Annotated photo localization data

Start of Block

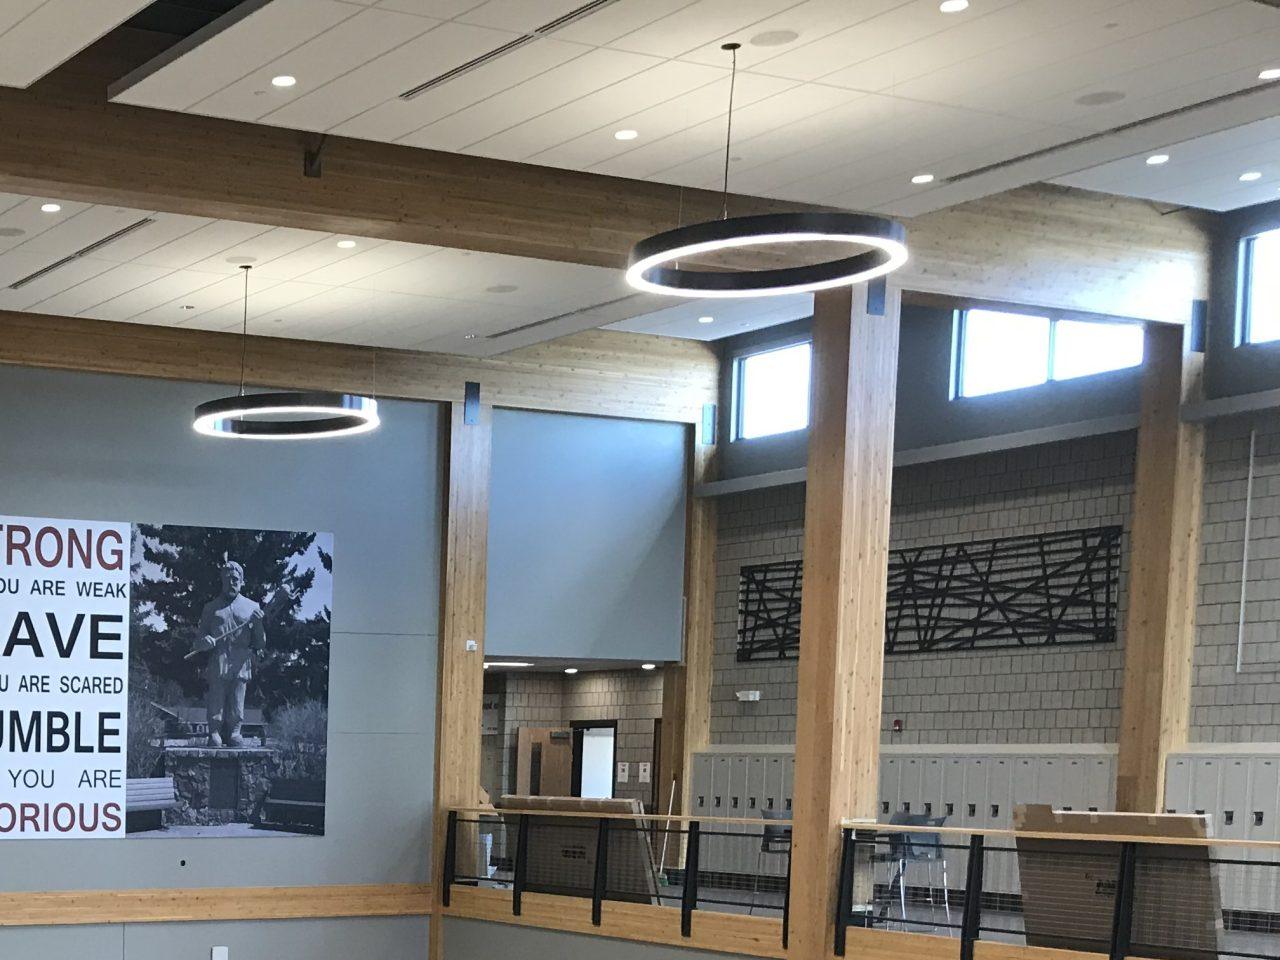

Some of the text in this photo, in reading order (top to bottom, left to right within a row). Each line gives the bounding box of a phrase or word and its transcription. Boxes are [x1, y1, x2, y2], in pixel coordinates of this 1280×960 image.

[29, 579, 66, 596] ARE
[75, 581, 127, 599] WEAK
[18, 675, 50, 693] ARE
[59, 675, 124, 694] SCARED
[7, 769, 55, 789] YOU
[78, 769, 122, 789] ARE

End of Block

## WHAT YOU SHOULD DO
Exclude every picture and copy the remaining data exactly.

## WRITTEN ANSWER
Some of the text in this photo, in reading order (top to bottom, left to right within a row). Each line gives the bounding box of a phrase or word and its transcription. Boxes are [x1, y1, x2, y2], in pixel coordinates of this 1280×960 image.

[29, 579, 66, 596] ARE
[75, 581, 127, 599] WEAK
[18, 675, 50, 693] ARE
[59, 675, 124, 694] SCARED
[7, 769, 55, 789] YOU
[78, 769, 122, 789] ARE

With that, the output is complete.